## Your objective
Nothing but the pictures is dropped; write out all the remaining data below exactly.

★ ★ ★

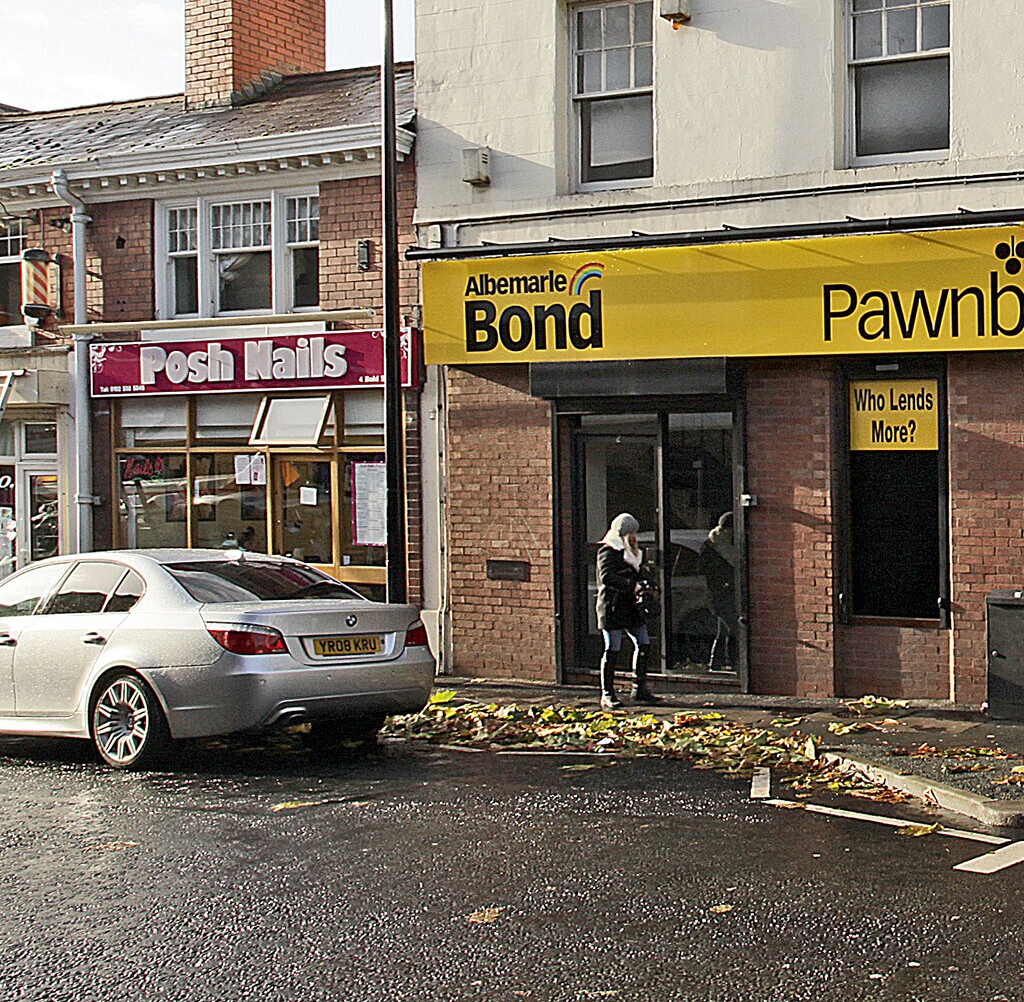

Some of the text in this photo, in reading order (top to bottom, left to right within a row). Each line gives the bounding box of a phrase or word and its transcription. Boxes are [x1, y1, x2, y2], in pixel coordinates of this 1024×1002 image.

[465, 270, 567, 296] Albemarle
[465, 290, 603, 352] Bond
[140, 337, 348, 384] Posh Nails
[854, 387, 933, 411] Who Lends
[872, 419, 916, 442] More?
[319, 639, 377, 652] YR08 KRU

★ ★ ★

## Answer
Some of the text in this photo, in reading order (top to bottom, left to right within a row). Each line gives the bounding box of a phrase or word and its transcription. Boxes are [x1, y1, x2, y2], in pixel coordinates of this 1024×1002 image.

[465, 270, 567, 296] Albemarle
[465, 290, 603, 352] Bond
[140, 337, 348, 384] Posh Nails
[854, 387, 933, 411] Who Lends
[872, 419, 916, 442] More?
[319, 639, 377, 652] YR08 KRU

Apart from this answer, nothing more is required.